# WORK TO BE COMPLETED
Nothing but the records, copied exactly and stripped of pictures, should be in the answer.

# DATA FOR REVIEW
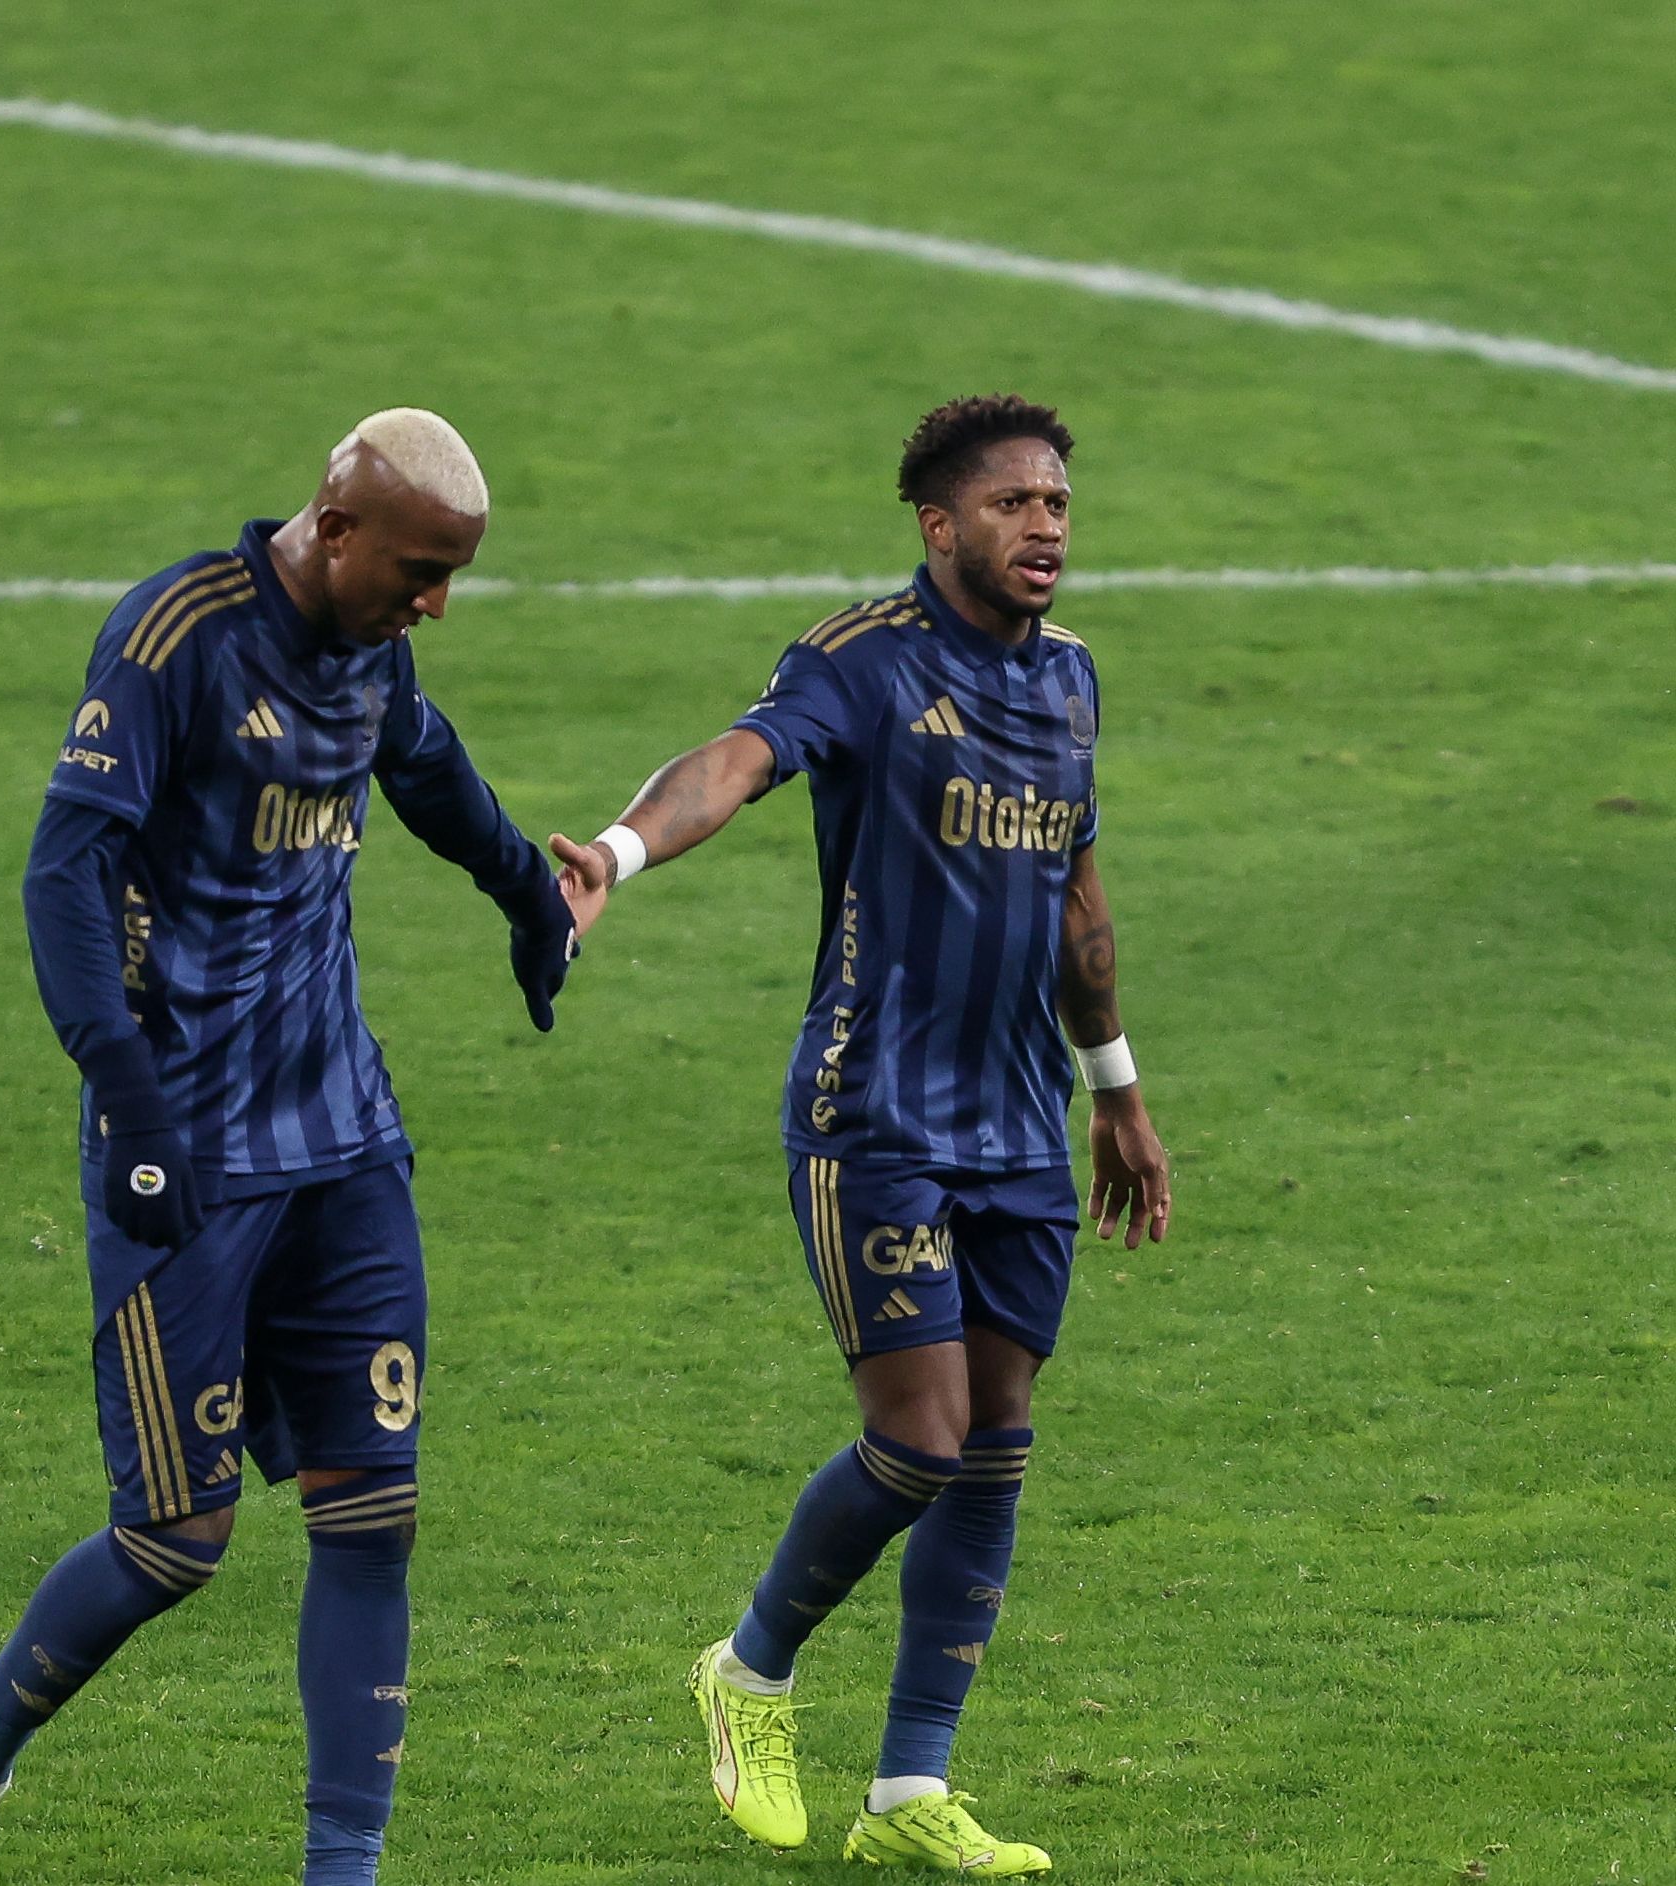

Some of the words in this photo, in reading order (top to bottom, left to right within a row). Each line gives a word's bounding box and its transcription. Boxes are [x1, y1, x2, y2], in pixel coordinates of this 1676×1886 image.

[816, 1005, 854, 1093] SAFI
[841, 880, 859, 987] PORT
[370, 1340, 417, 1432] 9
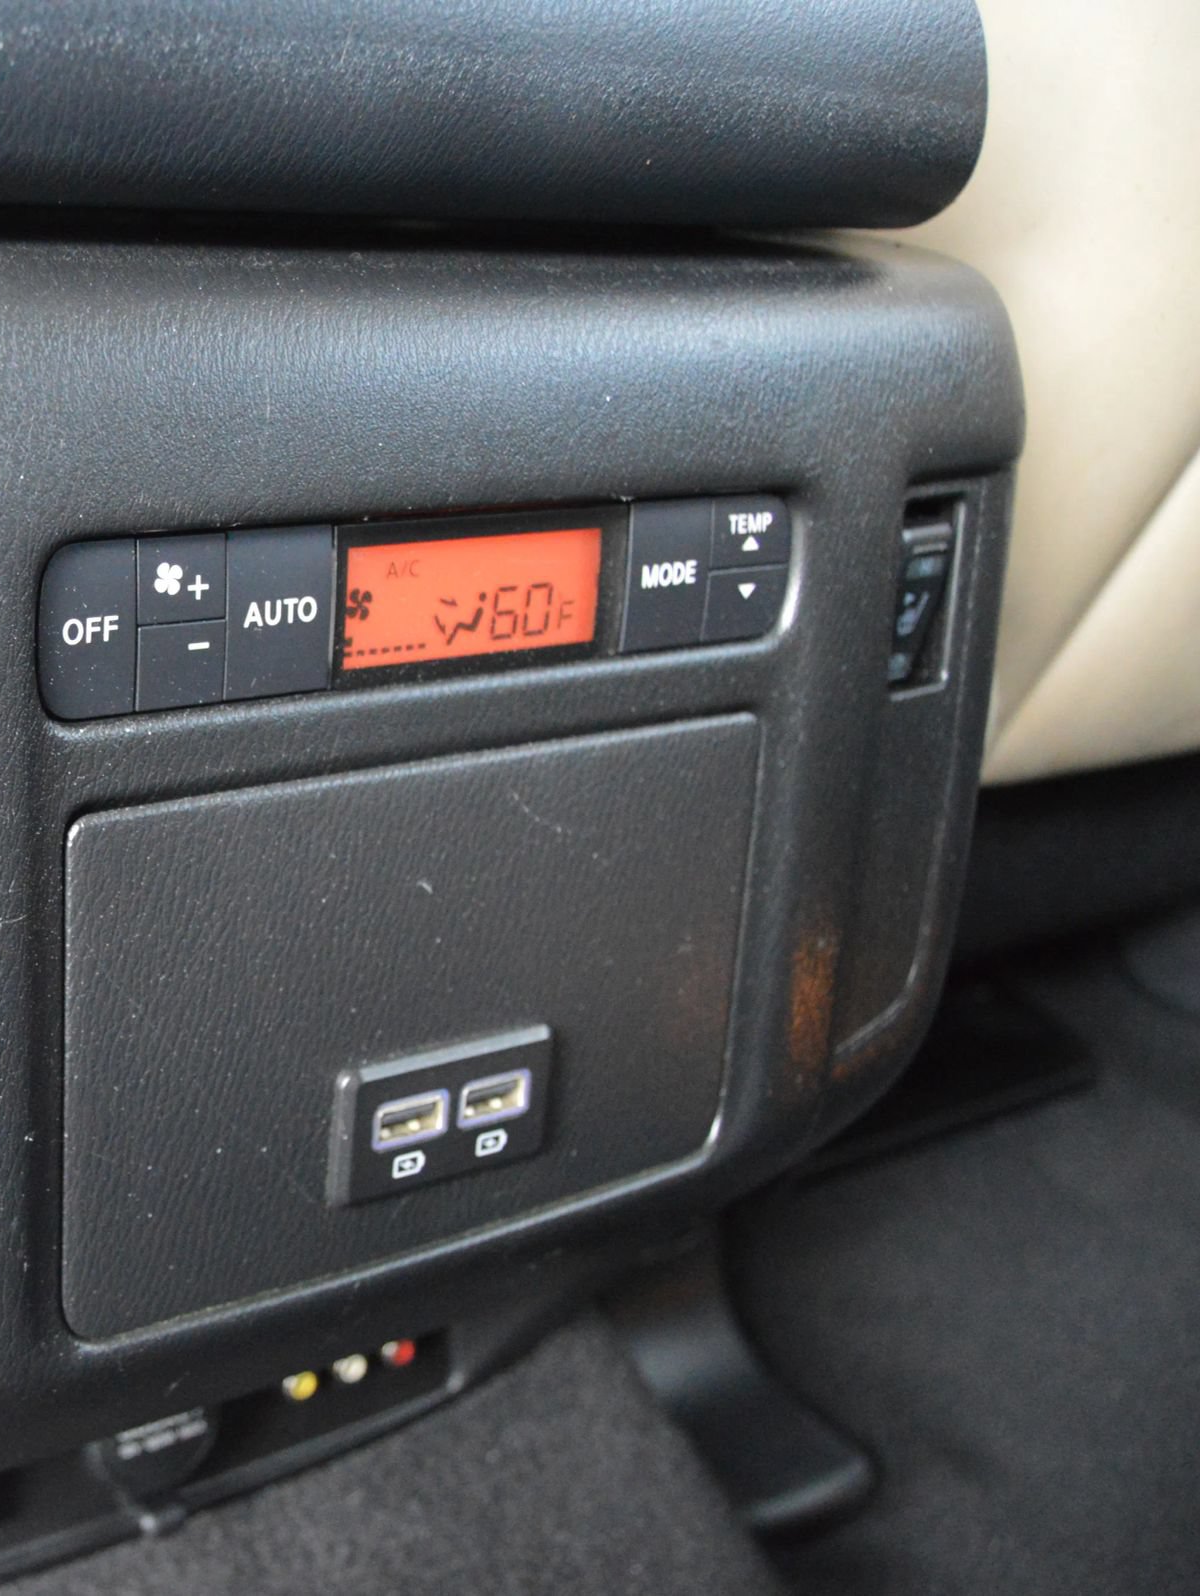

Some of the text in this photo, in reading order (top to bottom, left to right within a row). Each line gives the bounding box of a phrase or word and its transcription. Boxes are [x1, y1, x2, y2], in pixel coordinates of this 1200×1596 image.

[728, 511, 773, 535] TEMP
[386, 559, 420, 579] A/C
[641, 559, 698, 589] MODE
[243, 596, 317, 628] AUTO
[62, 615, 119, 645] OFF
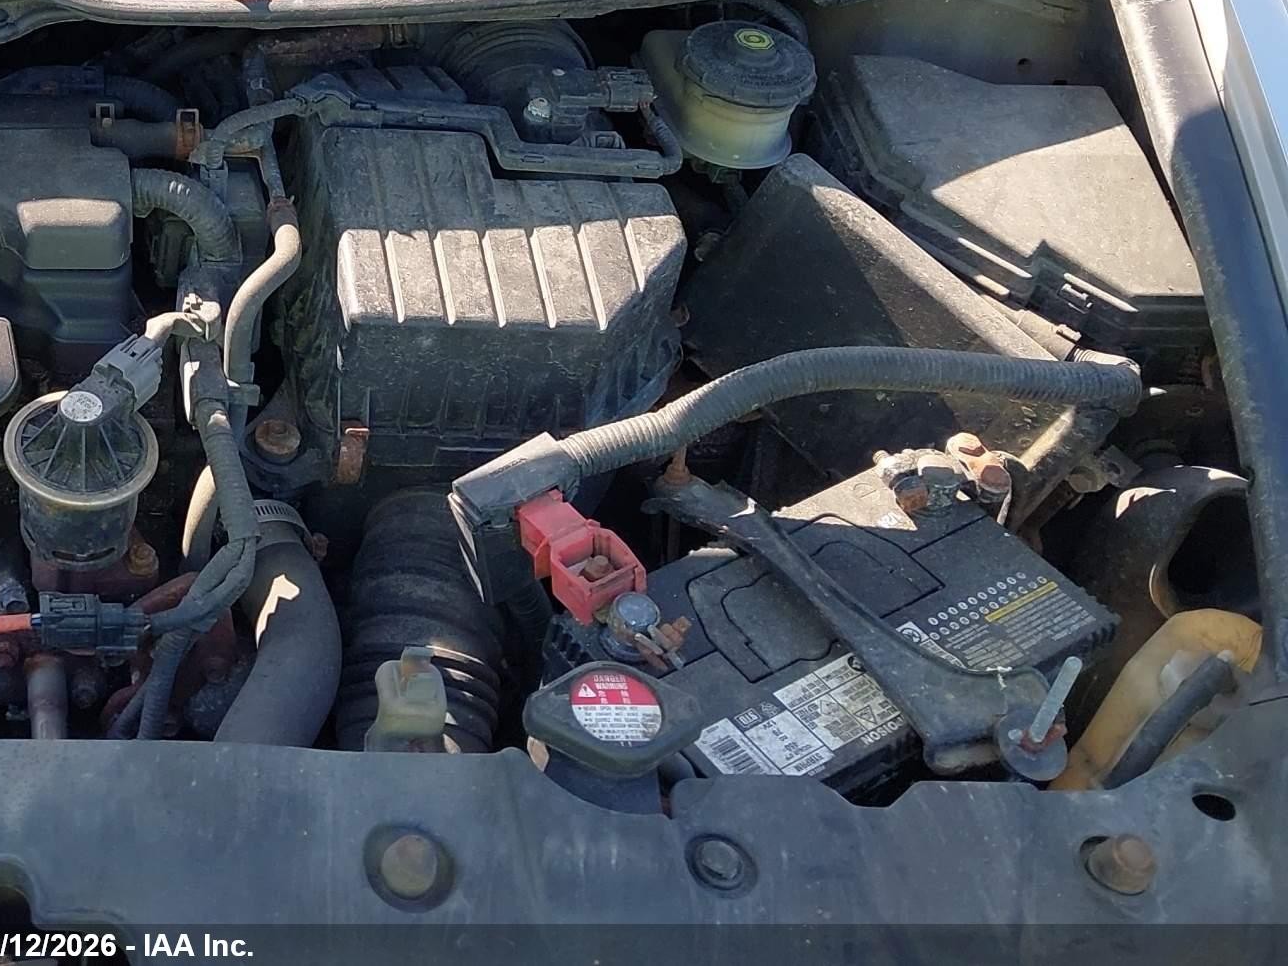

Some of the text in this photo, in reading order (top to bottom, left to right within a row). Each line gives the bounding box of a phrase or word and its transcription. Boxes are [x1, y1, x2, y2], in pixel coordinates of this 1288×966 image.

[593, 674, 627, 683] DANGER
[595, 682, 629, 690] WARNING
[862, 716, 905, 746] POISON

# TASK RESULT
Some of the words in this photo, in reading order (top to bottom, left to right within a row). Each line gives a word's bounding box and its transcription. Boxes are [x1, y1, x2, y2], in pixel coordinates of this 1676×1886 image.

[816, 1005, 854, 1093] SAFI
[841, 880, 859, 987] PORT
[370, 1340, 417, 1432] 9

Some of the text in this photo, in reading order (top to bottom, left to right within a row). Each line gives the bounding box of a phrase or word and its transcription. Boxes are [x1, y1, x2, y2], in pixel coordinates of this 1200×1596 image.

[728, 511, 773, 535] TEMP
[386, 559, 420, 579] A/C
[641, 559, 698, 589] MODE
[243, 596, 317, 628] AUTO
[62, 615, 119, 645] OFF

Some of the text in this photo, in reading order (top to bottom, left to right within a row). Each line gives the bounding box of a phrase or word and its transcription. Boxes are [x1, y1, x2, y2], in pixel coordinates of this 1288×966 image.

[593, 674, 627, 683] DANGER
[595, 682, 629, 690] WARNING
[862, 716, 905, 746] POISON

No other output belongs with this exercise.